PROBLEM DETAILS: Give the data again in full, without pictures.

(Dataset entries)
——————

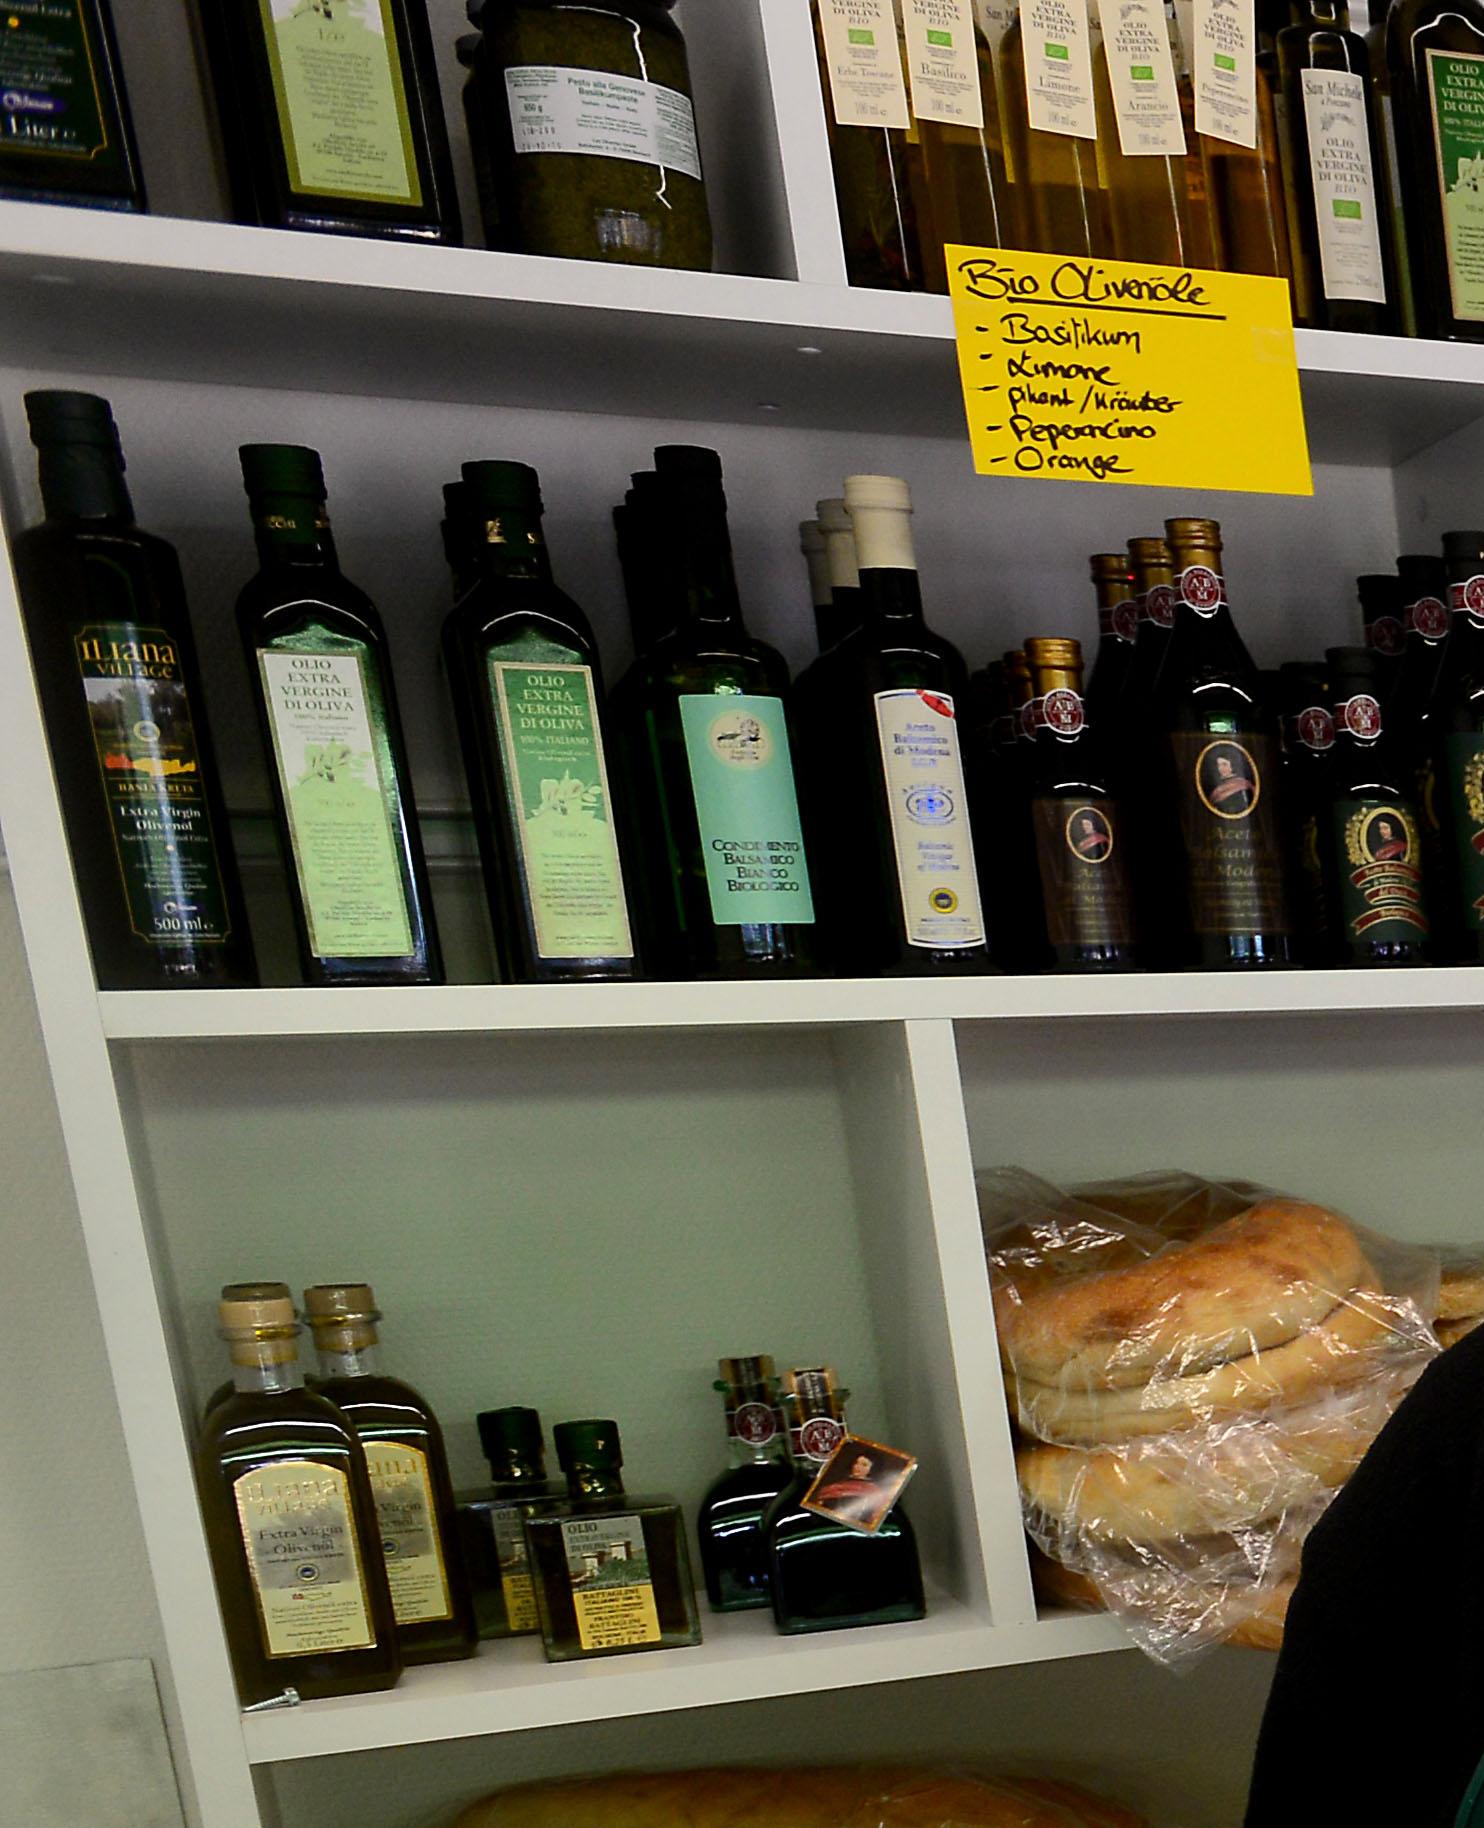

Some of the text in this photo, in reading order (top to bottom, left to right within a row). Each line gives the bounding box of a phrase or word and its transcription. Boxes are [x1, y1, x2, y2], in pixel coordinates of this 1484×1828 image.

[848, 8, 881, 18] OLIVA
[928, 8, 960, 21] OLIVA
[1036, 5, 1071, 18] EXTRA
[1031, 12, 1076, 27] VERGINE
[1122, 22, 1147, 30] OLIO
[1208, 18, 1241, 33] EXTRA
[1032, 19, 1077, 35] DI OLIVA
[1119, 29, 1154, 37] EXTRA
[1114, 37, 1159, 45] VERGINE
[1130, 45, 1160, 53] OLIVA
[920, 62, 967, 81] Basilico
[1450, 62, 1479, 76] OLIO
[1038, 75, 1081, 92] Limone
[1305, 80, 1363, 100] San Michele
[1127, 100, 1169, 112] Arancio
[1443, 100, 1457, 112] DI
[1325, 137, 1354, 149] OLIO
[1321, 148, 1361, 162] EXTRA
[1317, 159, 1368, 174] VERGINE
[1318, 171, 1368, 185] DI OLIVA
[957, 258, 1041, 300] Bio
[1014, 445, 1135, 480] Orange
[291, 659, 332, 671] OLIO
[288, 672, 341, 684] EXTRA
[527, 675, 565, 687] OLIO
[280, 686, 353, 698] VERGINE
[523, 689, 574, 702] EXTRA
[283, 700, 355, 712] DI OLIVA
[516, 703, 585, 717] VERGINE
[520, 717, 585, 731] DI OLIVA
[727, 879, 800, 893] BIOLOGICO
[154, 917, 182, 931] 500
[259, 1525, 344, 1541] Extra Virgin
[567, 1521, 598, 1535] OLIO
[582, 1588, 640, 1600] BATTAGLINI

——————

FINISHED TASK:
Some of the text in this photo, in reading order (top to bottom, left to right within a row). Each line gives the bounding box of a phrase or word and its transcription. Boxes are [x1, y1, x2, y2], in pixel coordinates of this 1484×1828 image.

[848, 8, 881, 18] OLIVA
[928, 8, 960, 21] OLIVA
[1036, 5, 1071, 18] EXTRA
[1031, 12, 1076, 27] VERGINE
[1122, 22, 1147, 30] OLIO
[1208, 18, 1241, 33] EXTRA
[1032, 19, 1077, 35] DI OLIVA
[1119, 29, 1154, 37] EXTRA
[1114, 37, 1159, 45] VERGINE
[1130, 45, 1160, 53] OLIVA
[920, 62, 967, 81] Basilico
[1450, 62, 1479, 76] OLIO
[1038, 75, 1081, 92] Limone
[1305, 80, 1363, 100] San Michele
[1127, 100, 1169, 112] Arancio
[1443, 100, 1457, 112] DI
[1325, 137, 1354, 149] OLIO
[1321, 148, 1361, 162] EXTRA
[1317, 159, 1368, 174] VERGINE
[1318, 171, 1368, 185] DI OLIVA
[957, 258, 1041, 300] Bio
[1014, 445, 1135, 480] Orange
[291, 659, 332, 671] OLIO
[288, 672, 341, 684] EXTRA
[527, 675, 565, 687] OLIO
[280, 686, 353, 698] VERGINE
[523, 689, 574, 702] EXTRA
[283, 700, 355, 712] DI OLIVA
[516, 703, 585, 717] VERGINE
[520, 717, 585, 731] DI OLIVA
[727, 879, 800, 893] BIOLOGICO
[154, 917, 182, 931] 500
[259, 1525, 344, 1541] Extra Virgin
[567, 1521, 598, 1535] OLIO
[582, 1588, 640, 1600] BATTAGLINI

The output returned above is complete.